**What you will do**
Set down the entries below exactly, leaving out all images.

**Entries shown**
____

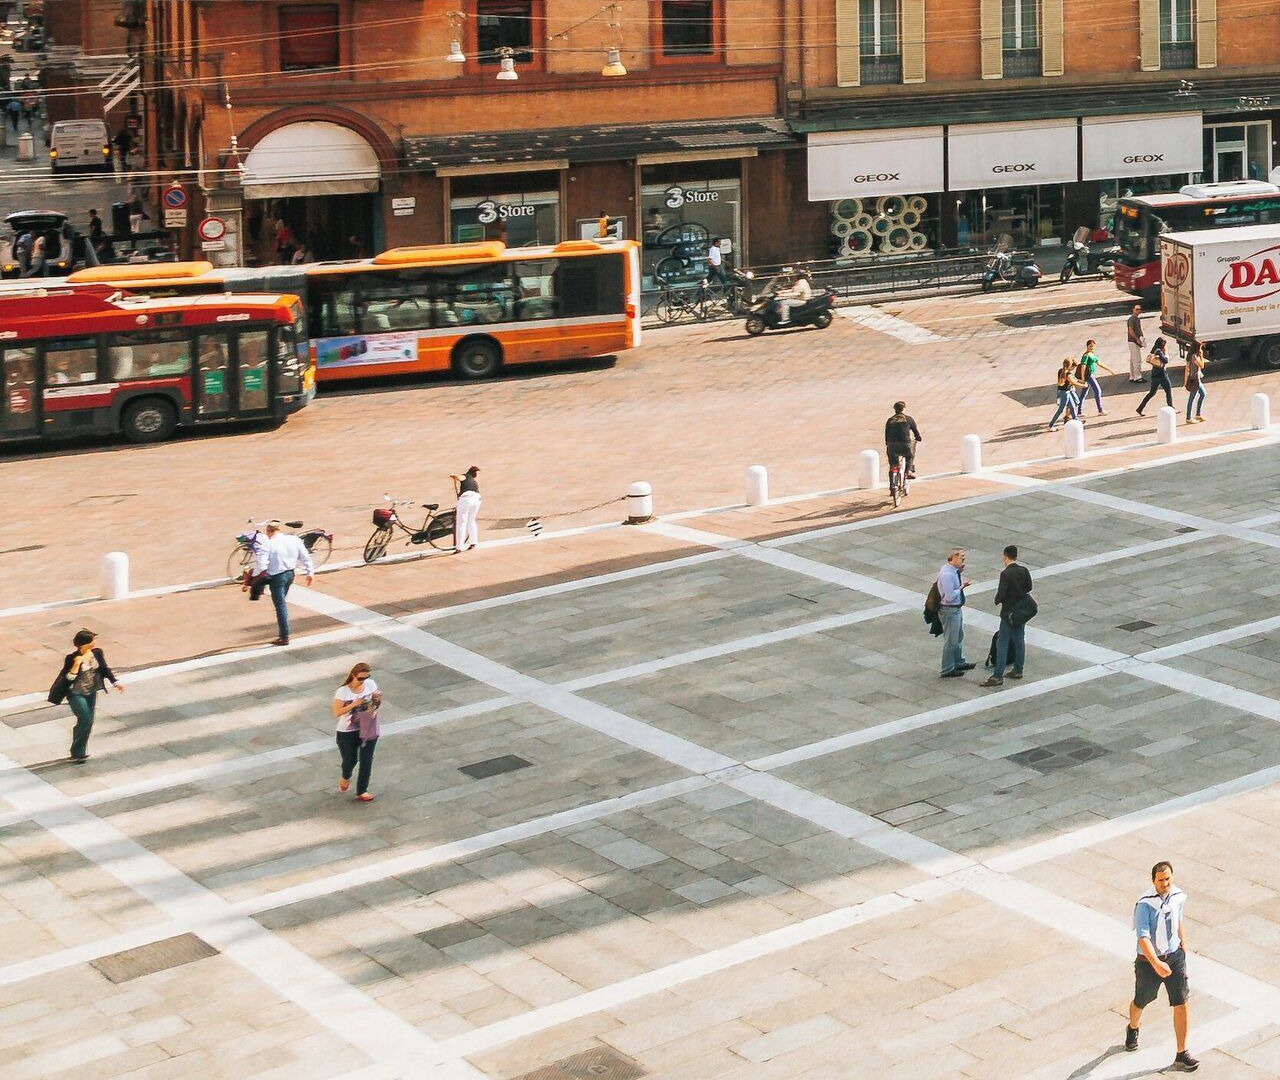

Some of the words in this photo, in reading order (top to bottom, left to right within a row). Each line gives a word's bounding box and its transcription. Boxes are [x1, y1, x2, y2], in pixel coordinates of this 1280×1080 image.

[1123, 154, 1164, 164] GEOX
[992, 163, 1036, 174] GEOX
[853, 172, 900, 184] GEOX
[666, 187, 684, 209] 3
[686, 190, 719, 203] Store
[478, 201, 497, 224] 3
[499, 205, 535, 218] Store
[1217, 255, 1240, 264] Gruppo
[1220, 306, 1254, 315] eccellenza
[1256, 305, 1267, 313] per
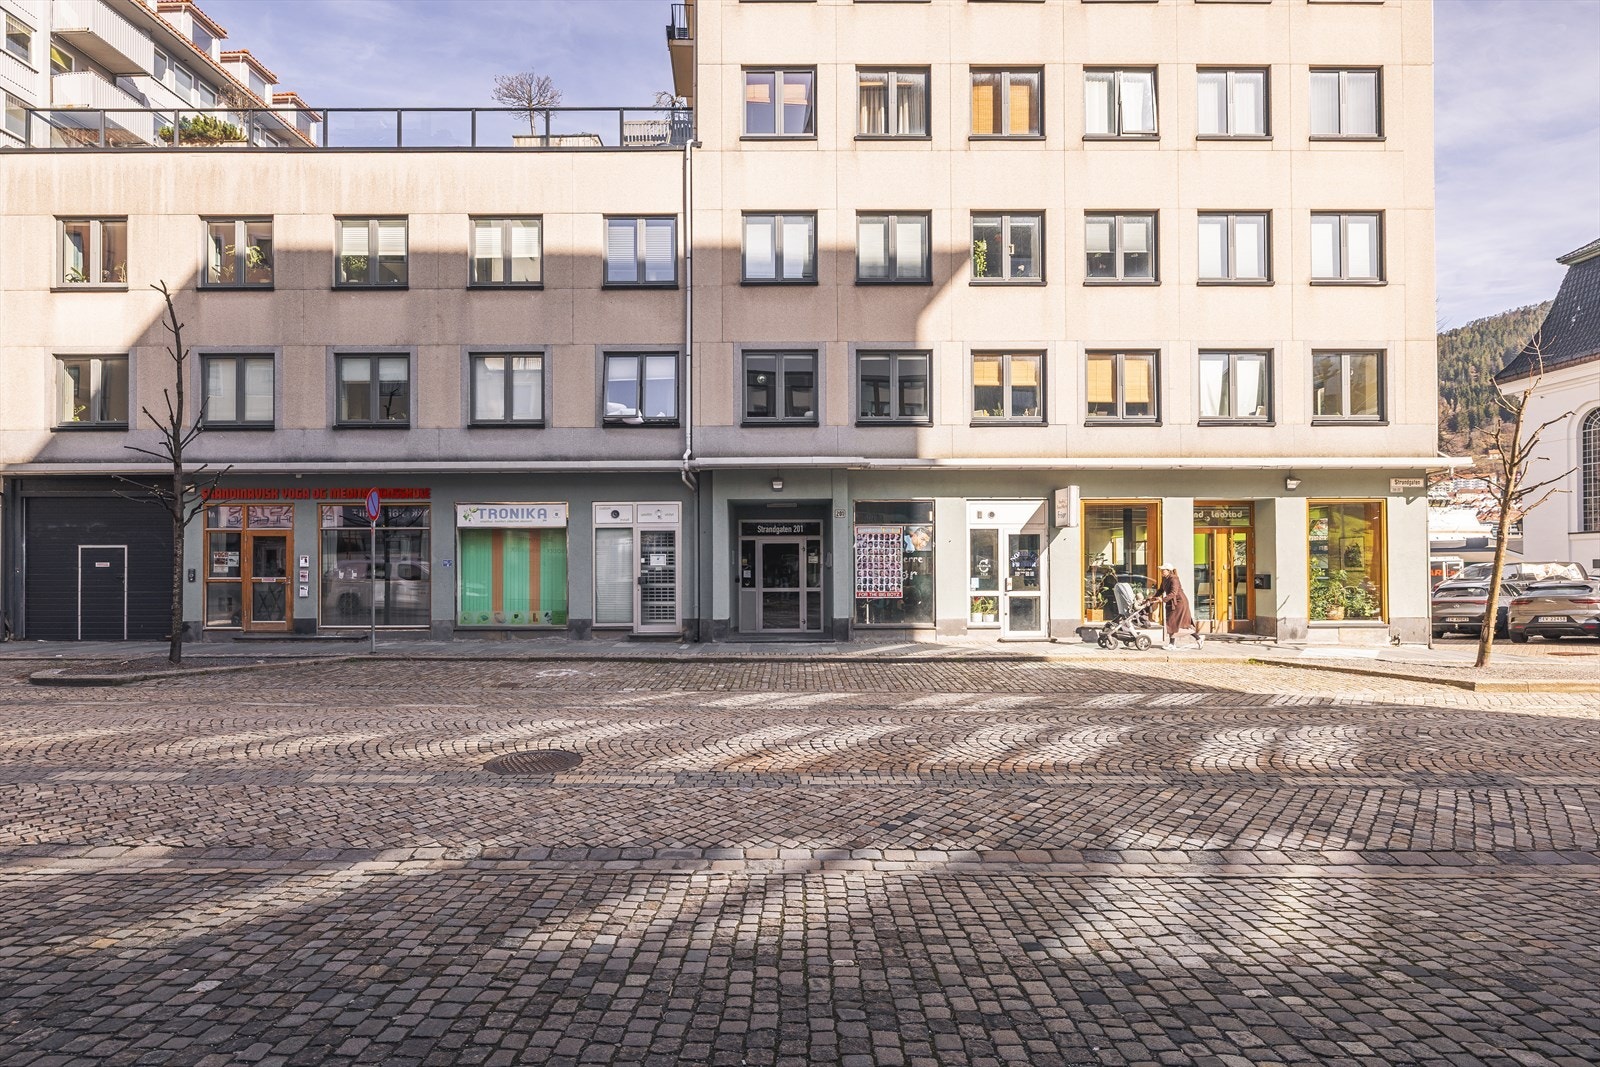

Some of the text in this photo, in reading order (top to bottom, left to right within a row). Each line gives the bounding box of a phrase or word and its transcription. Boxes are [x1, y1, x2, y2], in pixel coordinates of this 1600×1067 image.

____

**Exercise response**
Some of the words in this photo, in reading order (top to bottom, left to right within a row). Each line gives a word's bounding box and its transcription. Boxes are [x1, y1, x2, y2], in pixel coordinates of this 1280×1080 image.

[1123, 154, 1164, 164] GEOX
[992, 163, 1036, 174] GEOX
[853, 172, 900, 184] GEOX
[666, 187, 684, 209] 3
[686, 190, 719, 203] Store
[478, 201, 497, 224] 3
[499, 205, 535, 218] Store
[1217, 255, 1240, 264] Gruppo
[1220, 306, 1254, 315] eccellenza
[1256, 305, 1267, 313] per

Some of the text in this photo, in reading order (top to bottom, left to right within a row). Each line gives the bounding box of a phrase or word and its transcription. Boxes are [x1, y1, x2, y2], in pixel coordinates of this 1600×1067 image.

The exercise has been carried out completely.